Hay un papanatismo en la crítica de cine que no es nuevo pero sí que parece especialmente renovado en estos tiempos convulsos de crisis económica, social y de valores. Parece decir: como todo lo que hace la gente nueva es basura ideada por los expertos de “marketing” de las “majors”, refugiémonos en los clásicos, en los escasos cineastas de la antigua escuela que aún ruedan. Como una cosa lleva a la otra, se estrena este El escritor, ultimo filme hasta ahora de Roman Polanski, y ya estamos ante una obra maestra.
Pues no. Porque la nueva película de Polanski adolece de un pecado original lamentable, cual es que el propio autor de la novela en la que se basa el filme, Robert Harris, sea el autor del guión. Así las cosas, no es de extrañar que estemos ante un thriller donde lo más llamativo es, precisamente, la extraña forma de comportarse de un individuo, el escritor protagonista, “negro” del ex primer ministro Tony Blair (uy, quiero decir Adam Lang, que lapsus tan tonto…), al que asaltan en la calle, golpean y roban un manuscrito, y no se le ocurre llamar a la policía sino irse a su casa a dormir la mona; o al que allanan escandalosamente su habitación de hotel, y a lo más que llega es a preguntar en recepción si hay más huéspedes, como si sólo estos pudieran ser los autores del delito; o al que se le ocurre salir a pasear en bicicleta por la isla en la que se encuentra, bajo un tormentón de cuidado, desdeñando el confortable vehículo que, sin embargo, conducirá sin problemas más tarde, ya con el tiempo normalizado, vehículo que se convertirá (gracias a las maravillas del GPS) en una curiosa herramienta de investigación.

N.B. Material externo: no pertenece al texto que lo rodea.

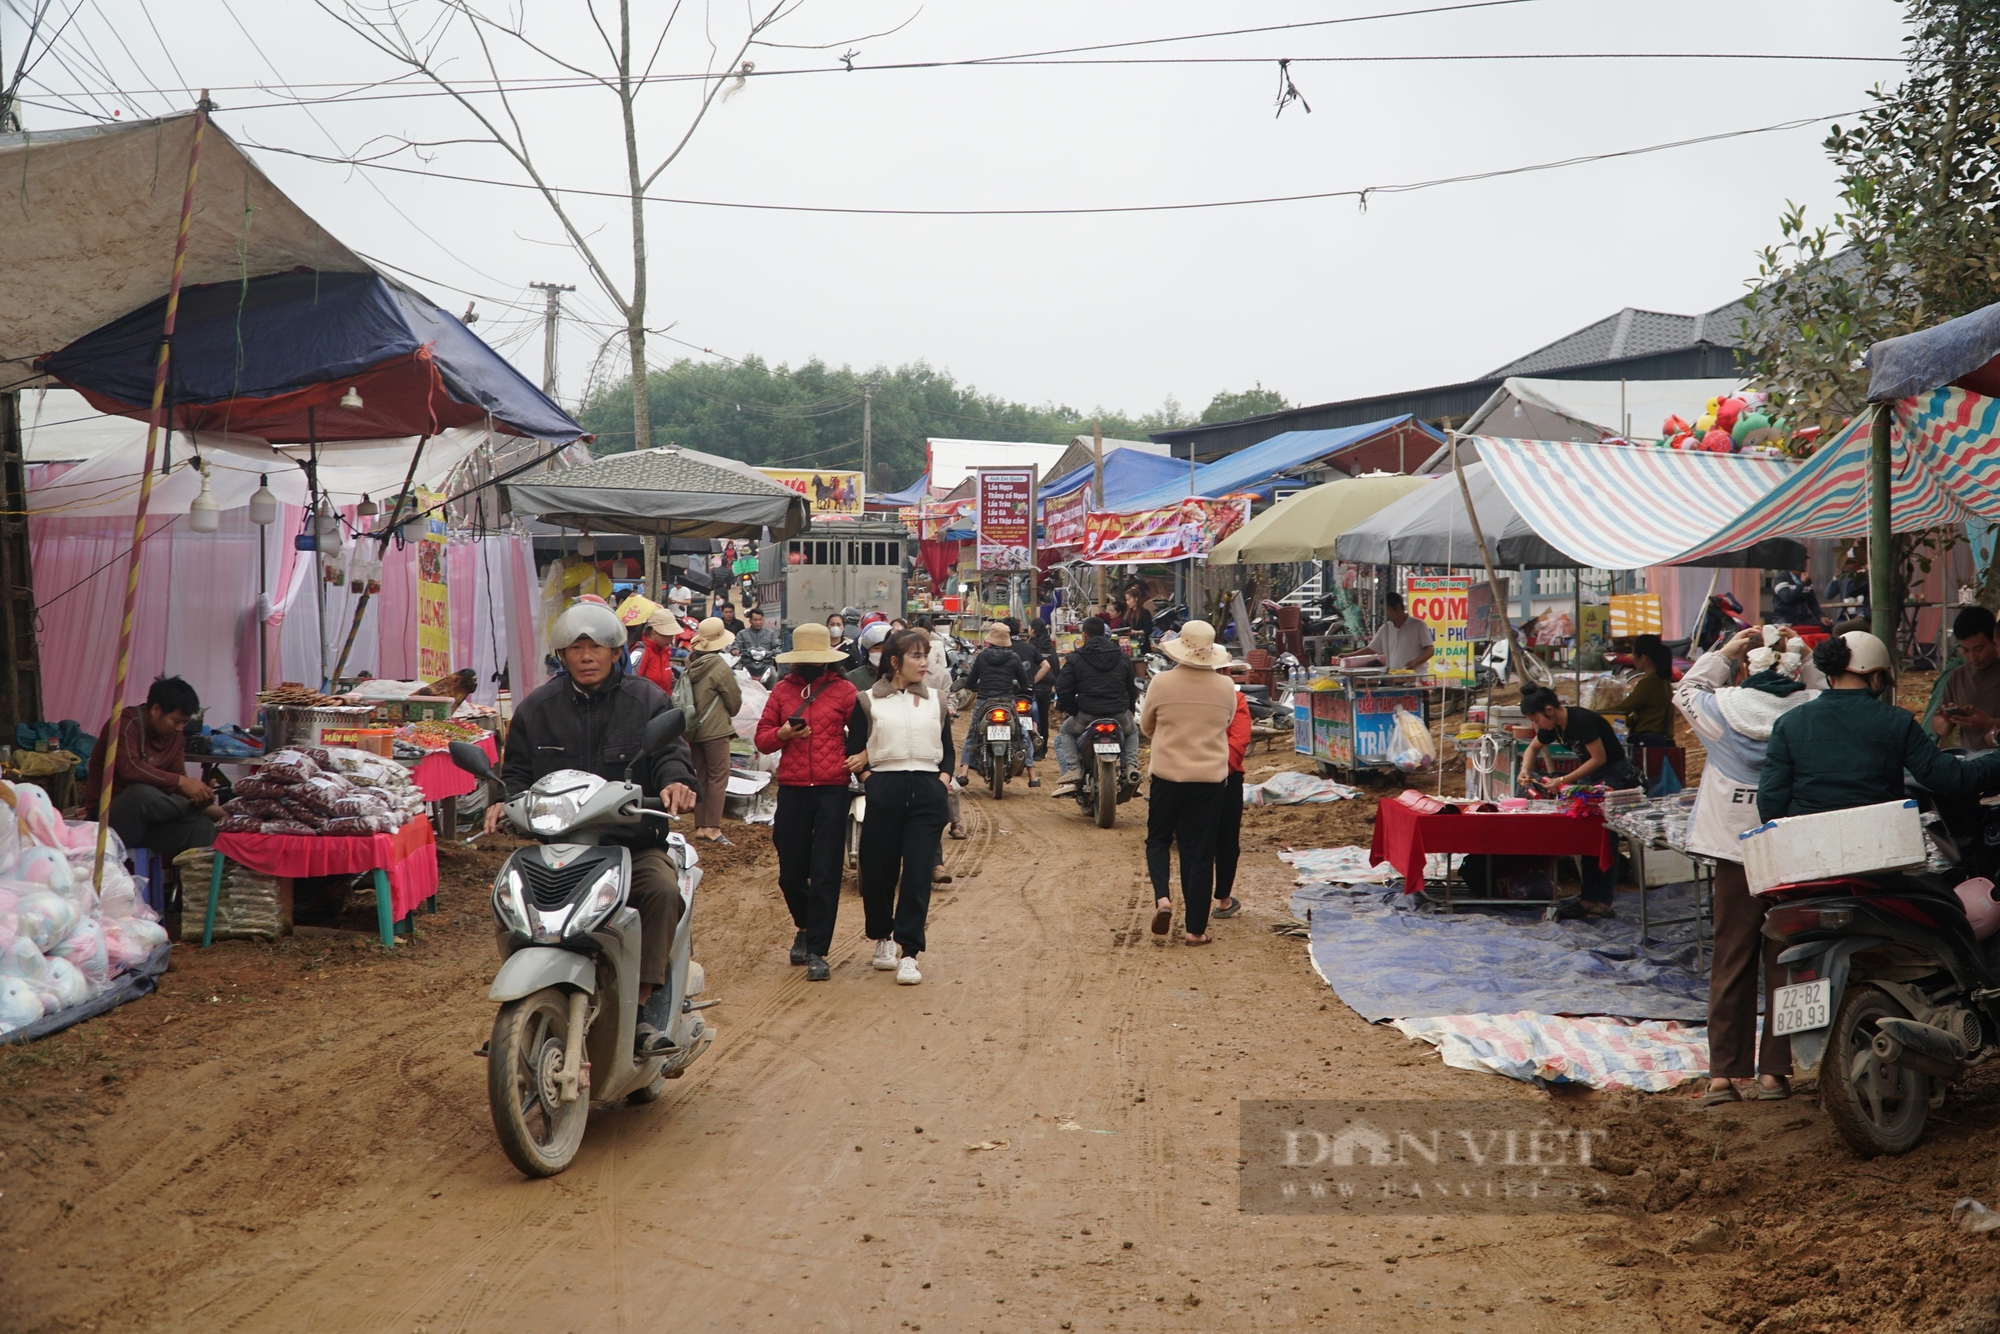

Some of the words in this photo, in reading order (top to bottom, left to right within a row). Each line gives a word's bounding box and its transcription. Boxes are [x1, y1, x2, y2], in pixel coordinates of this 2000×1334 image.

[324, 732, 342, 742] MÁY
[1782, 984, 1822, 1010] 22-B2
[1777, 1005, 1826, 1032] 828.93

El novelista y guionista, entonces, actúa al dictado de su capricho; nadie en su sano juicio actuaría como este escritor para otros (un “negro”, para decirlo en el argot del gremio de los plumillas), sin que quepa atribuirle ningún tipo de comportamiento excéntrico. De hecho, es uno de los personajes escritores que han aparecido en pantalla en los últimos años más normales y corrientes, quizá hasta demasiado. Entonces Harris, guionista además de novelista, actúa como el caprichoso demiurgo que demuestra querer ser, lo que va en detrimento de la credibilidad de la trama y lo que no hace sino poner en aprietos a un cineasta seguro y creativo como Polanski, quien demasiado hace poniendo en imágenes esta historia imposible que, sin embargo, sí resulta verosímil en cuanto a la figura en torno a la que gira, ese ex primer ministro británico, que ha estado diez años en el poder, y que se encuentra en entredicho por su participación sin ambages en la invasión de Iraq, lo que, a la postre, dio la puntilla a una brillante carrera política que, sin ese pesado lastre, aún no hubiera acabado. La figura de Blair, entonces, es claramente la inspiradora de este “premier” Adam Lang, aunque es cierto que Brosnan no se parece físicamente demasiado (más bien nada) al ínclito escocés que gobernó el Reino Unido durante un decenio. La intriga subsiguiente, por supuesto, con espías, asesinatos y otros perenguendengues, no deja de ser una elucubración puramente artística, un onanismo mental que busca la intriga palaciega (nunca mejor dicho, dado el antagonista).
Eso sí, Polanski, que se limita durante todo el filme a poner su saber hacer, sus formas clásicas y la maestría en la puesta en escena que nadie le niega, termina la película con una bellísima elipsis (que no contaremos, claro, para no incurrir en un “spoiler” descarado), que vale más que el resto de la película. Claro que un minuto de gloria por ciento veintisiete de mediocridad da lugar a una ratio difícilmente asumible para nadie: ni siquiera para los papanatas de la crítica que han creído ver una obra de arte cuando es sólo un artefacto a ratos tirando a plúmbeo, con una irisación final de oro purísimo.